I found the play very quick, despite its various ramblings about class (understandable) and H.G. Wells for some reason. Obviously besides the makeover aspect, my favorite thing about this play is the linguistics. I think My Fair Lady set me up to love linguistics, which I have found fascinating ever since I took a linguistics class in college. I will say that Henry Higgins is very classist and does not recognize that all British English dialects are valid and there is no right one that is 'correct'. This is a good book for English and linguistics students to read in order to see the racist attitudes behind diction classes and linguistic imperialism, etc. Despite all this, I did kind of find Eliza's Cockney rather hard to read, as it's written down phonetically. If you hate dialects in books, I would skip this.

At some point Henry Higgins calls himself and the Colonel "a couple of confirmed bachelors" and that makes the play make more sense. Of course two gay guys would give a girl a makeover and judge everything about her harshly and just kind of... not super care about her future. I feel like most straight men of that era would have been like, "well, if you can't figure out what to do with your life I'll have to marry you since I'm responsible for you." There's a whole song in My Fair Lady where Henry Higgins basically says he'd rather slit his throat than get married to a woman. That's gay proof for you.
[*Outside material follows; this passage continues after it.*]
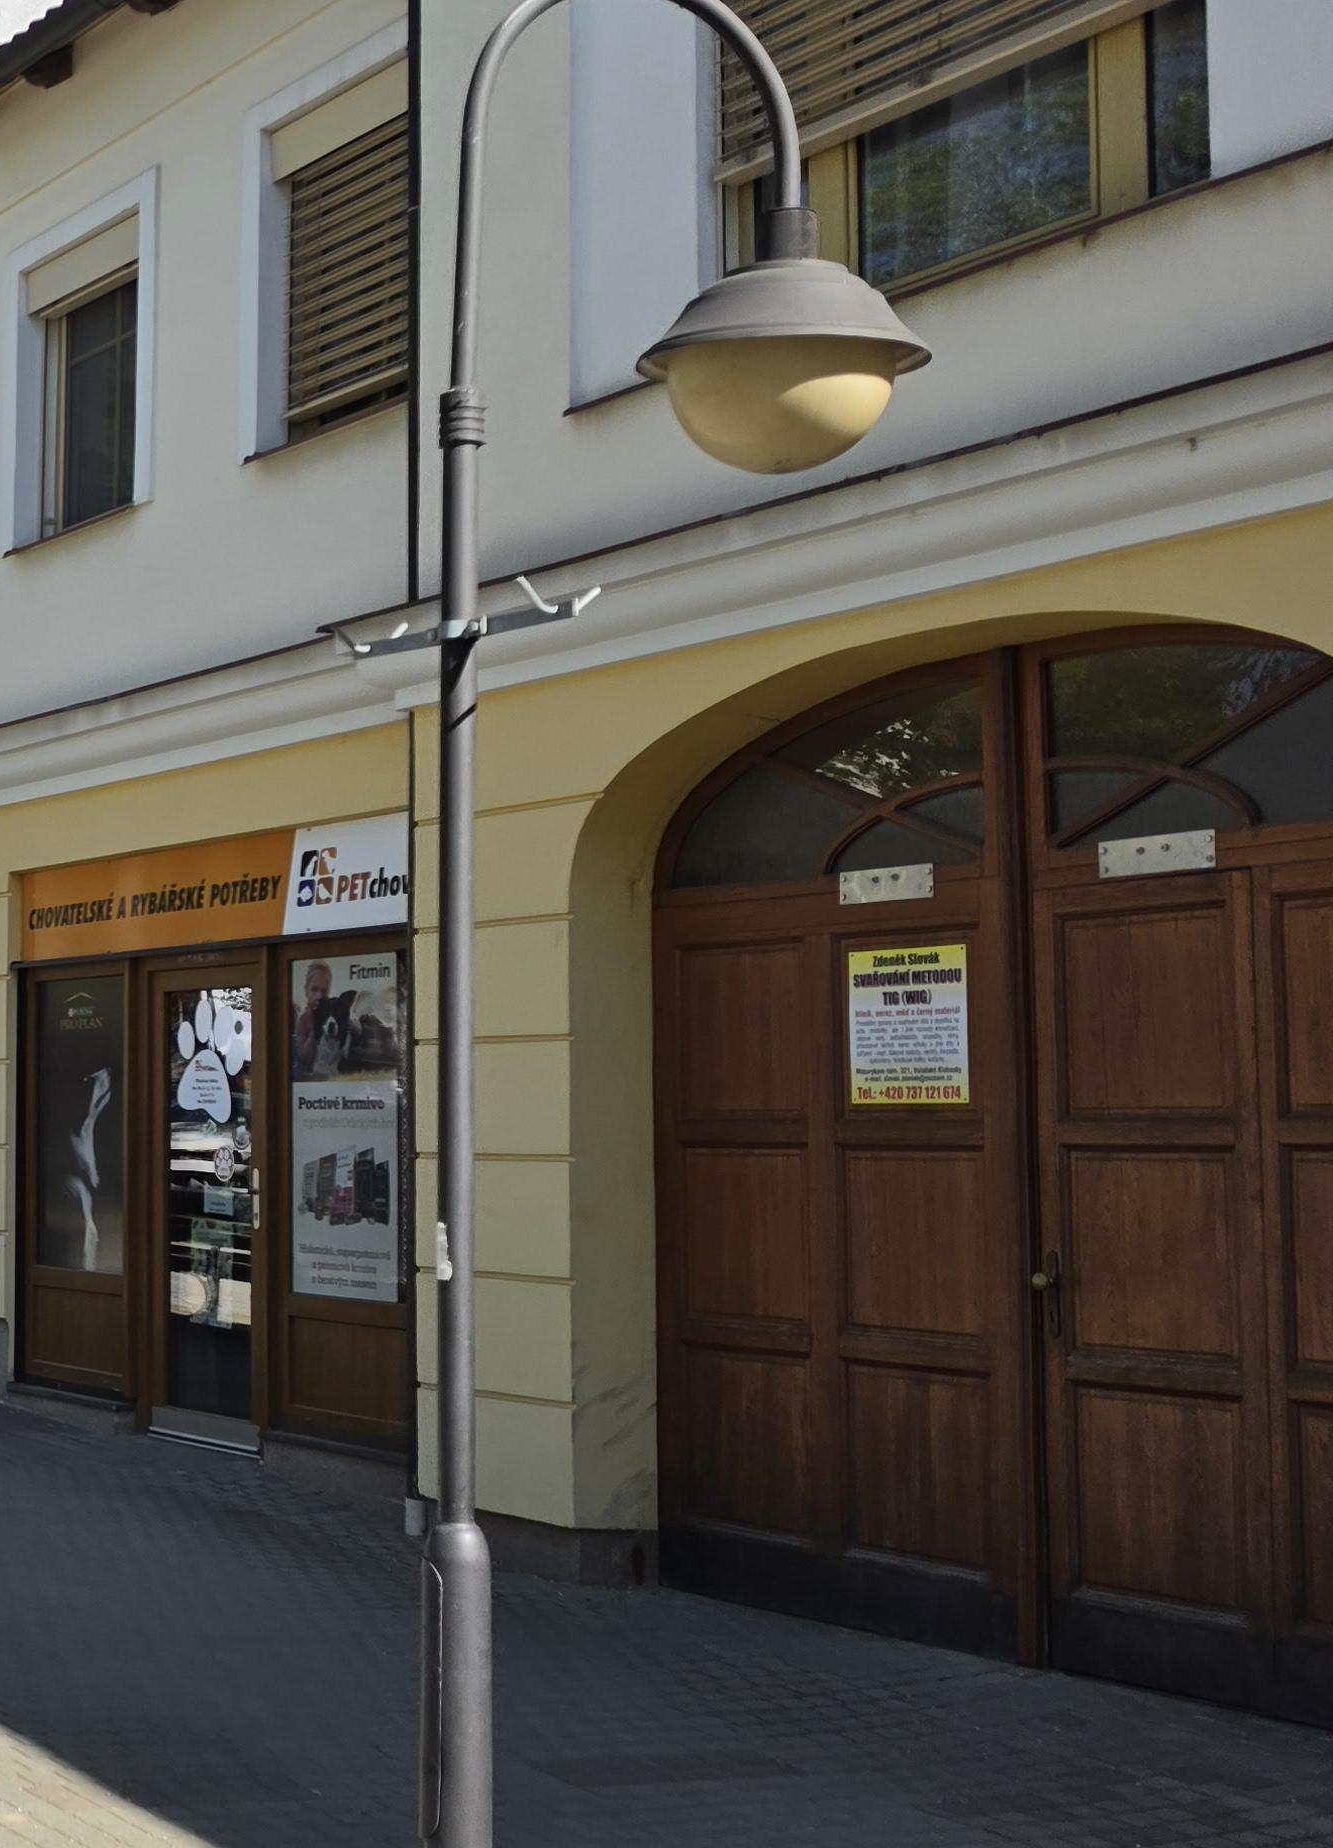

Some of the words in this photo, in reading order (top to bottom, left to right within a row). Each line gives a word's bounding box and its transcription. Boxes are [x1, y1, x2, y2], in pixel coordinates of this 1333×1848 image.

I like this play but have decided to give it away since I just have way too many books and some of them have got to go. I would recommend this book if you like My Fair Lady or linguistics or late 19th/early 20th century English class dynamics, etc.

This has nothing to do with the book, but in My Fair Lady Freddy is played by an absolute dreamboat who I have just learned last night was actually young Jeremy Brett, the most iconic Sherlock Holmes!!!!! I was SHOOK.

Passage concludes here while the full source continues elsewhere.